- Required action:
Keep the text of the data exactly as it is and omit each picture from the copy.

- Data to use:
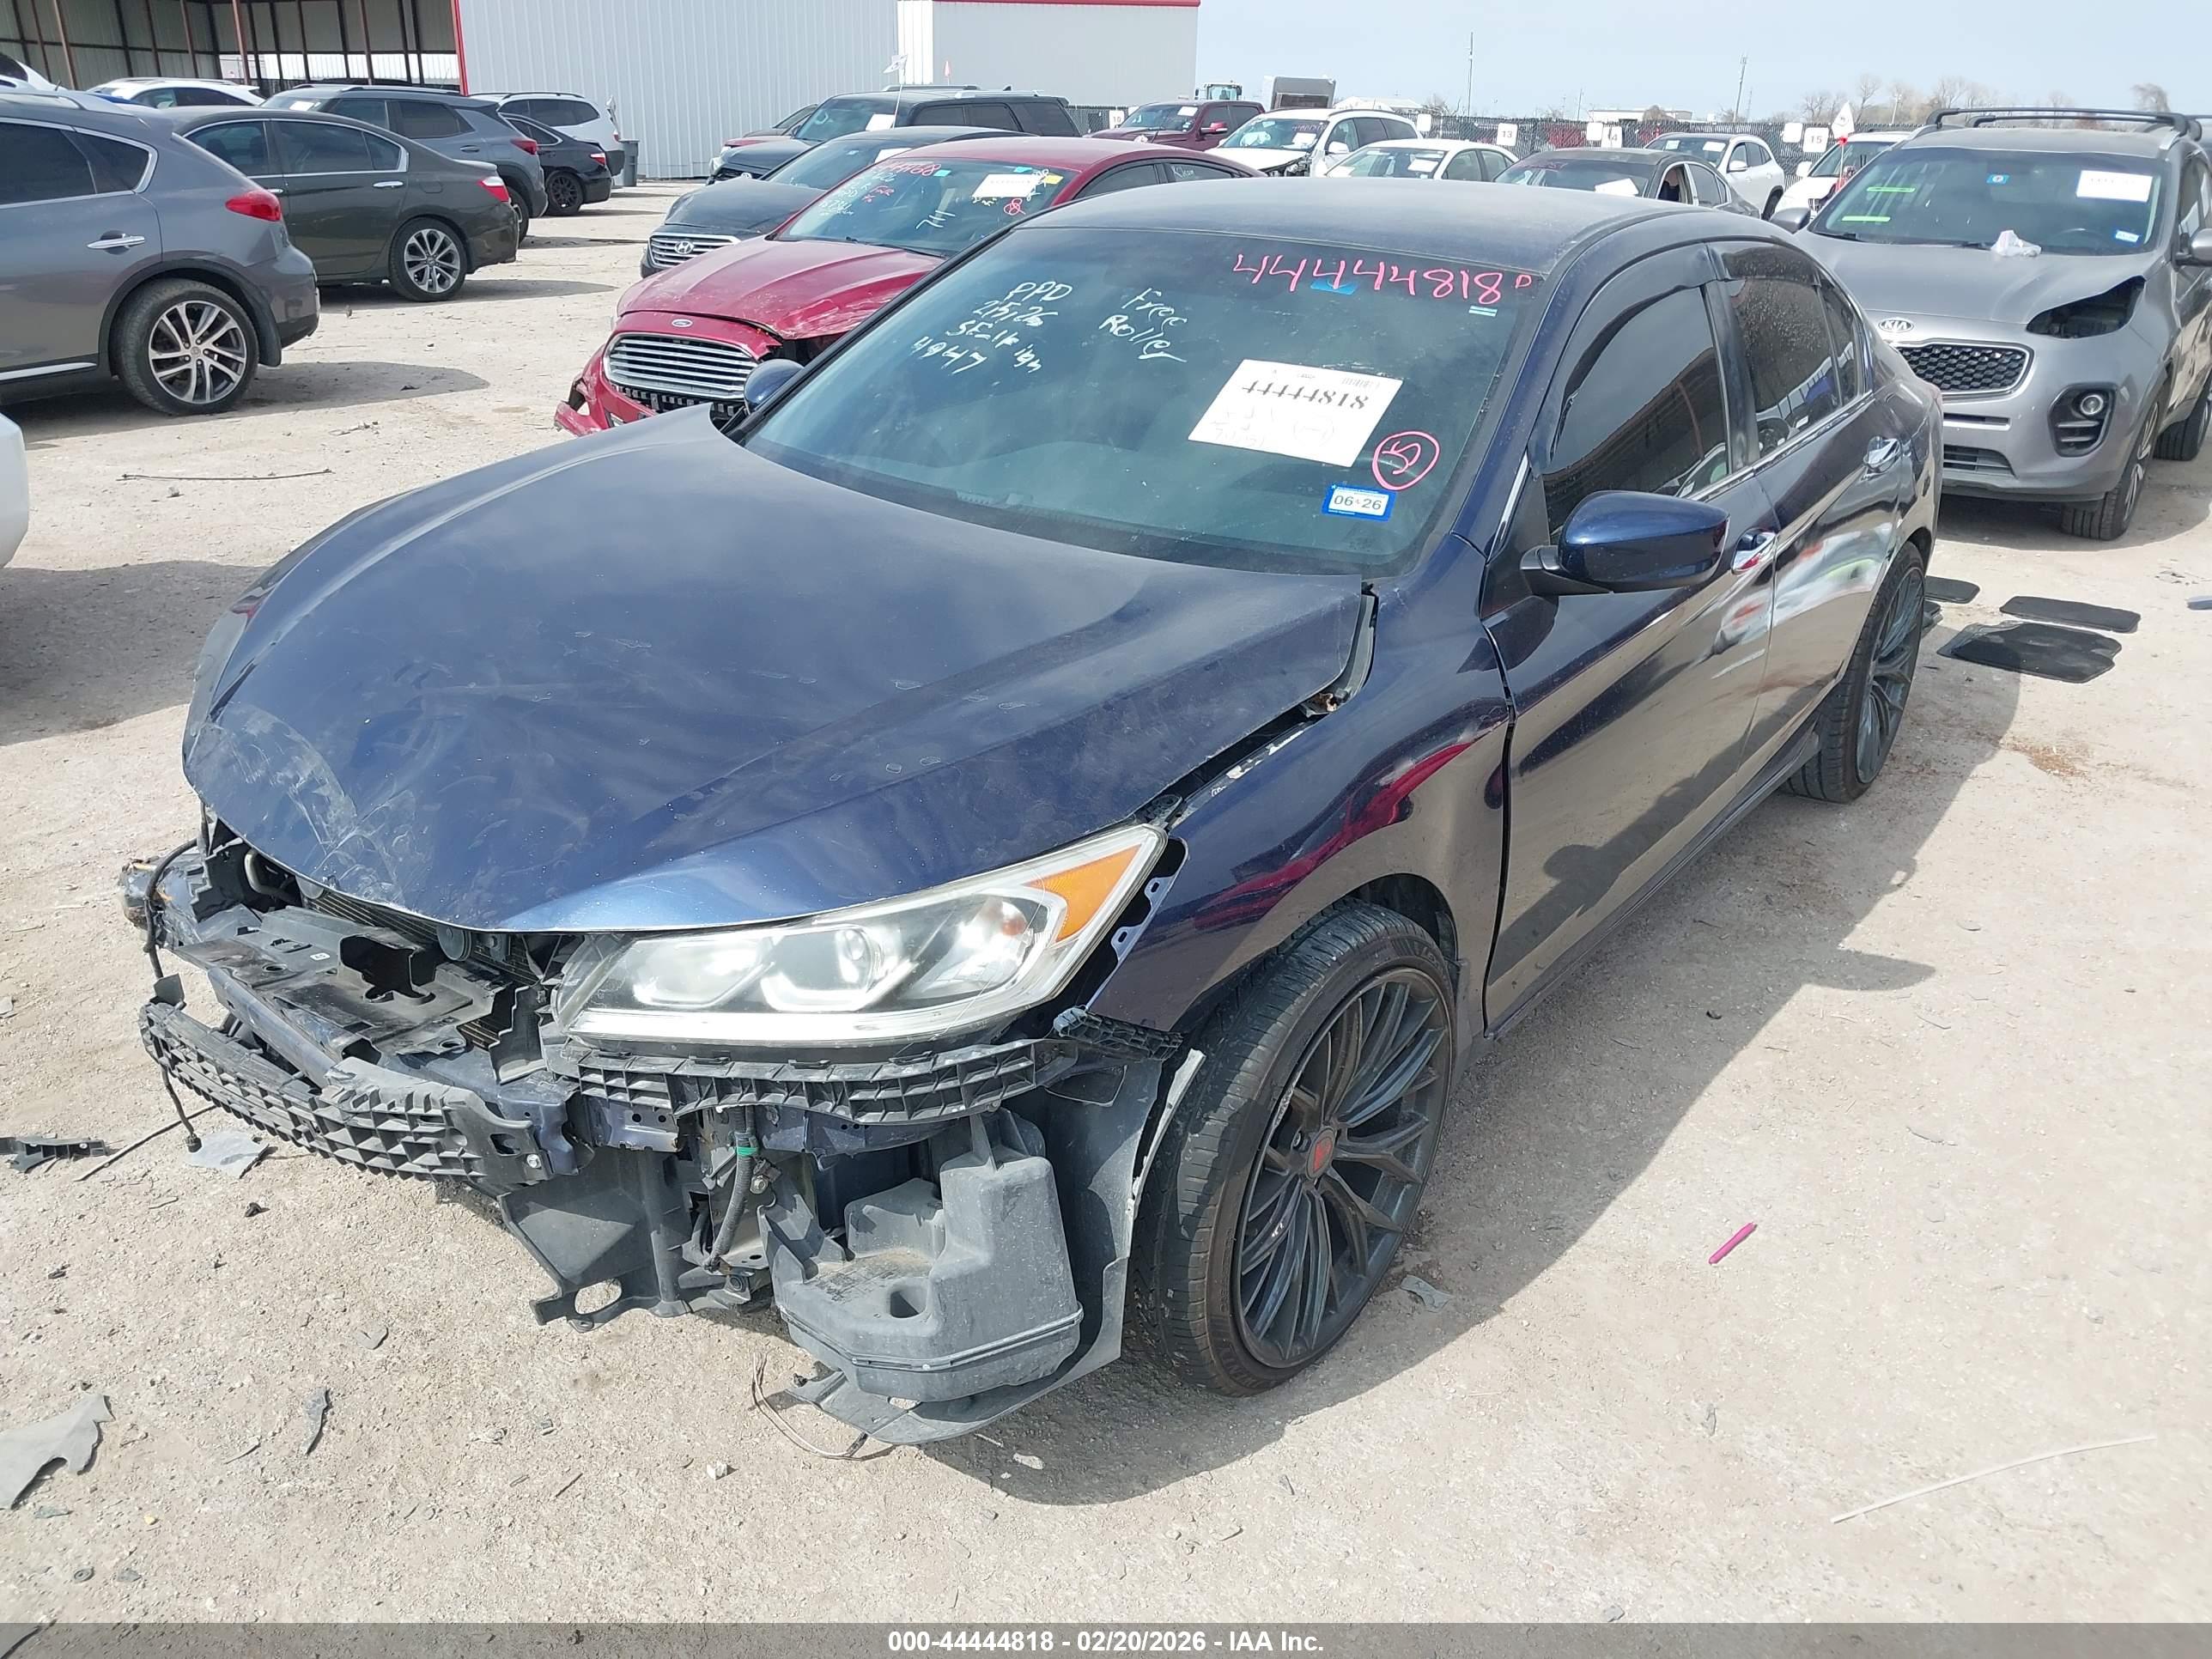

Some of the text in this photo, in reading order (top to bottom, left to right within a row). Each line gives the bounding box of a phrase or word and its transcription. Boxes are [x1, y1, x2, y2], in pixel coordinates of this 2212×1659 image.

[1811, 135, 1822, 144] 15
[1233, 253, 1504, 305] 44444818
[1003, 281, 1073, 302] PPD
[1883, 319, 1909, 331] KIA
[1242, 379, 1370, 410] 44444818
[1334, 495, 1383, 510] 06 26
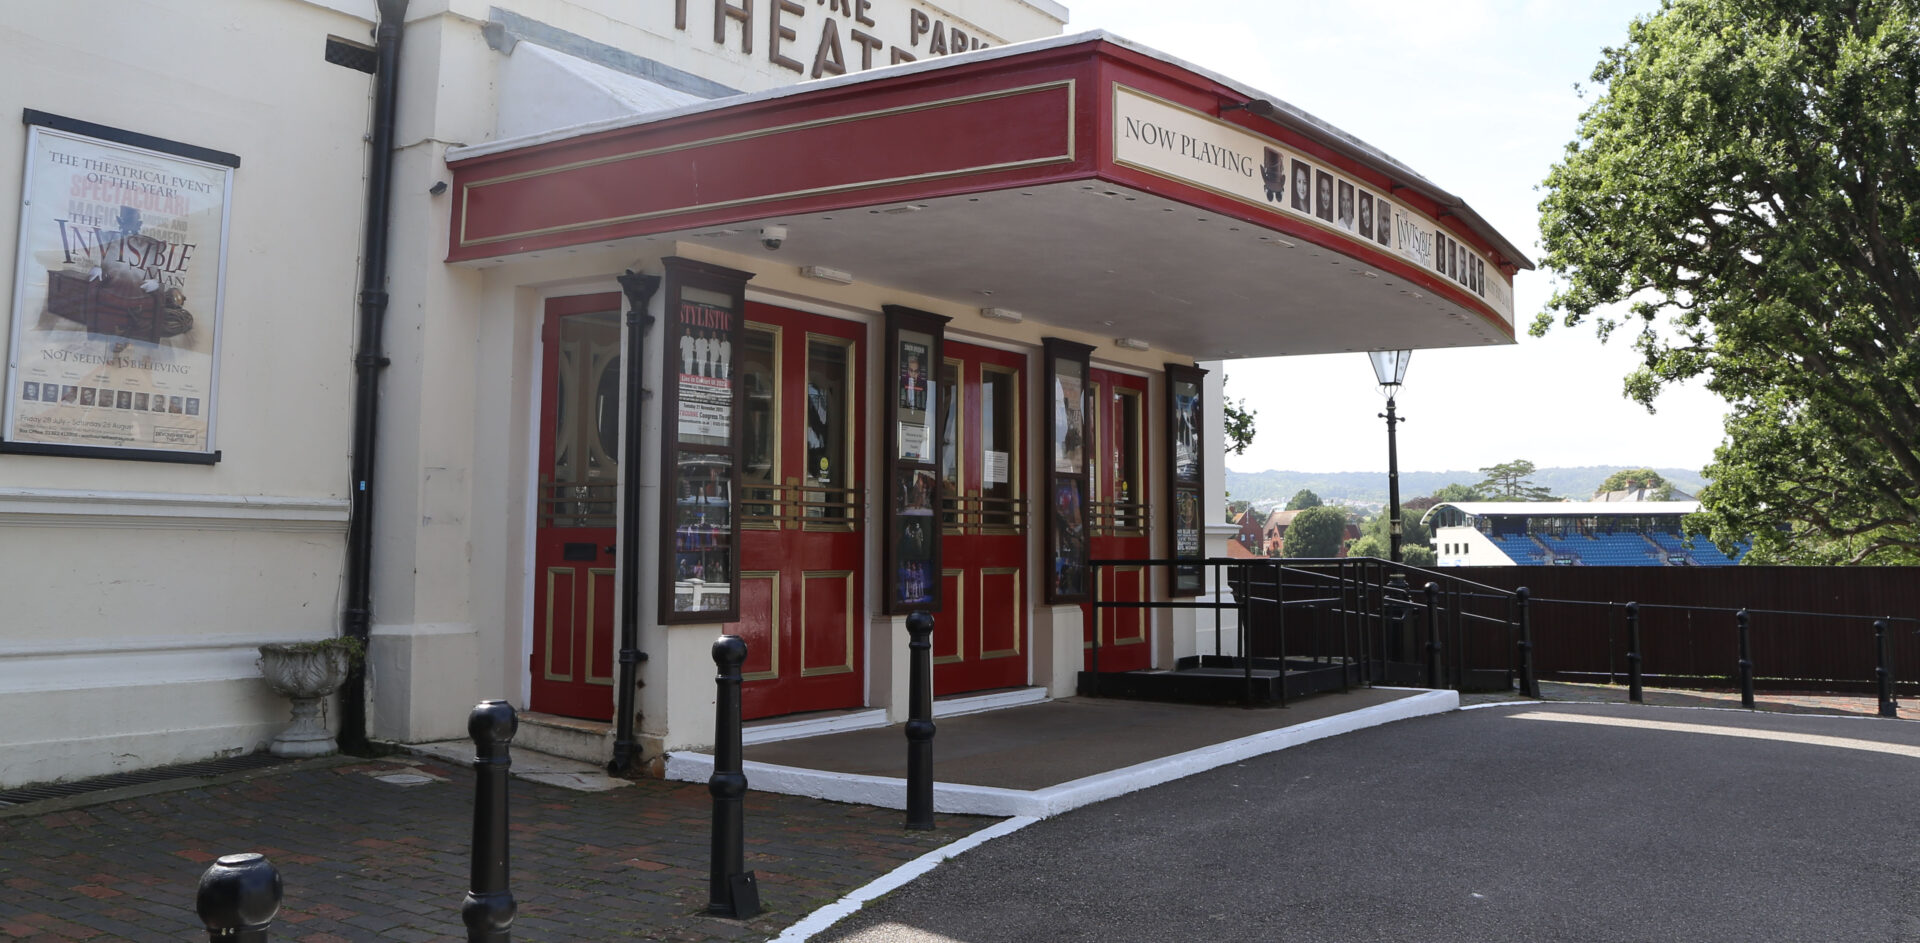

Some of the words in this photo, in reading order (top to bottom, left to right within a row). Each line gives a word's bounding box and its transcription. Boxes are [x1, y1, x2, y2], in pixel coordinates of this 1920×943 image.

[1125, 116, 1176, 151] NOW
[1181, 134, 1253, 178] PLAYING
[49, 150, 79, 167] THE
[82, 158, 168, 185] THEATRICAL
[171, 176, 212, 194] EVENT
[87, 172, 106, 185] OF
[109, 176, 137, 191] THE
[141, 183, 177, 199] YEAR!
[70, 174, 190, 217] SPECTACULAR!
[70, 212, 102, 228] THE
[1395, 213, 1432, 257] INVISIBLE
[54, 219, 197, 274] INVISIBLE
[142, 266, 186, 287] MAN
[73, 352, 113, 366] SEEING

- Task output:
Some of the text in this photo, in reading order (top to bottom, left to right within a row). Each line gives the bounding box of a phrase or word and its transcription. Boxes are [x1, y1, x2, y2], in pixel coordinates of this 2212×1659 image.

[1811, 135, 1822, 144] 15
[1233, 253, 1504, 305] 44444818
[1003, 281, 1073, 302] PPD
[1883, 319, 1909, 331] KIA
[1242, 379, 1370, 410] 44444818
[1334, 495, 1383, 510] 06 26

Some of the words in this photo, in reading order (top to bottom, left to right within a row). Each line gives a word's bounding box and its transcription. Boxes are [x1, y1, x2, y2], in pixel coordinates of this 1920×943 image.

[1125, 116, 1176, 151] NOW
[1181, 134, 1253, 178] PLAYING
[49, 150, 79, 167] THE
[82, 158, 168, 185] THEATRICAL
[171, 176, 212, 194] EVENT
[87, 172, 106, 185] OF
[109, 176, 137, 191] THE
[141, 183, 177, 199] YEAR!
[70, 174, 190, 217] SPECTACULAR!
[70, 212, 102, 228] THE
[1395, 213, 1432, 257] INVISIBLE
[54, 219, 197, 274] INVISIBLE
[142, 266, 186, 287] MAN
[73, 352, 113, 366] SEEING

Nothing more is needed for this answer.